Sanas is a Palo Alto-based startup that provides real-time speech understanding platform powered by AI technology.
Sanas’s solution operates on a speech-to-speech neural network architecture. This framework processes incoming speech in real-time, converting it to match a specified accent while retaining the speaker’s unique voice characteristics. The system is designed to work seamlessly across various accents and backgrounds, facilitating clearer communication in diverse settings
Sanas delivers crystal clear communication with real-time speech-to-speech AI technology.
Speech Intelligibility: Utilizing advanced neural networks, Sanas generates speech that emphasizes clarity and articulation, ensuring that the output is easily understood by listeners.
Speech Naturalness: The technology captures subtle nuances of human speech, such as tone and emphasis, to deliver output that maintains the warmth and authenticity of the original speaker.
Phoneme-Based Neural Networks: Sanas employs advanced neural networks that utilize a phoneme-based approach. This allows the AI to capture subtle nuances in speech, ensuring that the output retains the original speaker’s warmth and natural delivery.
Primarily utilized in contact centers, Sanas’s technology aims to improve customer-agent interactions by reducing misunderstandings and communication barriers. This enhancement leads to increased customer satisfaction, higher first-call resolution rates, and reduced average handling times. By minimizing the need for extensive accent training, organizations can also achieve operational cost savings.
Low Latency Processing: The system operates with approximately 200 milliseconds of latency, enabling seamless and uninterrupted conversations.

Phoneme-Based Neural Networks (PBNNs) are AI models designed to process and manipulate speech at the phoneme level.

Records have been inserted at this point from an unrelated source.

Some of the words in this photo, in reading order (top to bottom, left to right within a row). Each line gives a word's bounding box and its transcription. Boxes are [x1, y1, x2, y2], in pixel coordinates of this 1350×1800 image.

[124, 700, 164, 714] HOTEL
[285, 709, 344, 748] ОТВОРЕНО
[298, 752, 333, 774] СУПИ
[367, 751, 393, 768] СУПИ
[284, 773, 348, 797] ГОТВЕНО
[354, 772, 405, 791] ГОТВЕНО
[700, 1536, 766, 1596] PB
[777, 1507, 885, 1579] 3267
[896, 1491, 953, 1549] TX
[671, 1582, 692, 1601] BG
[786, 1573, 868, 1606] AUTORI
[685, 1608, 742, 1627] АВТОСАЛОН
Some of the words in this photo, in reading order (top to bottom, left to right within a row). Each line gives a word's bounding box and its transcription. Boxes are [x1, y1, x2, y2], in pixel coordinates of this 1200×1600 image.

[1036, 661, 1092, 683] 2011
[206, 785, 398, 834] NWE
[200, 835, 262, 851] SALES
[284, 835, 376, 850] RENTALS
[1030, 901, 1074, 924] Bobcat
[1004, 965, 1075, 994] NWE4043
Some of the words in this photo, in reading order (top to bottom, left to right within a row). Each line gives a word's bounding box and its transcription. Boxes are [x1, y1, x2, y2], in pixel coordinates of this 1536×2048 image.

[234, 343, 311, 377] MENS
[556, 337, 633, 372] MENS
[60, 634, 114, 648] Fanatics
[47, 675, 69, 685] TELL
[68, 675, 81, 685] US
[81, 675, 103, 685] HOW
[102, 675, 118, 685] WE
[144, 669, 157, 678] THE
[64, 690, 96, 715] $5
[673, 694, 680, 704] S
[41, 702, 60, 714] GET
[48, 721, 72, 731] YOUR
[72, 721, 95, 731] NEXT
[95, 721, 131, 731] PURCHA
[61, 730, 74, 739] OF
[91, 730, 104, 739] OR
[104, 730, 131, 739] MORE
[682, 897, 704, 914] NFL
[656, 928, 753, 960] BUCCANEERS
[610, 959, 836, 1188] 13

A phoneme is the smallest unit of sound in a language that can distinguish one word from another (e.g., the sounds /p/ and /b/ in “pat” and “bat”).
How Phoneme-Based Neural Networks Work
Phoneme Recognition:
The AI breaks down spoken words into individual phonemes using Automatic Speech Recognition (ASR).
Feature Extraction:
The system extracts acoustic features like pitch, tone, and duration to understand how the phonemes are spoken.
Neural Network Processing:
A deep learning model, often based on Recurrent Neural Networks (RNNs), Transformers, or Convolutional Neural Networks (CNNs), processes these phonemes and learns their patterns in different accents.
Phoneme Mapping & Transformation:
The AI maps phonemes from one accent to another while preserving the speaker’s unique vocal characteristics.
Speech Reconstruction:
The modified phoneme sequence is synthesized back into speech using Text-to-Speech (TTS) or waveform synthesis techniques like WaveNet or Tacotron.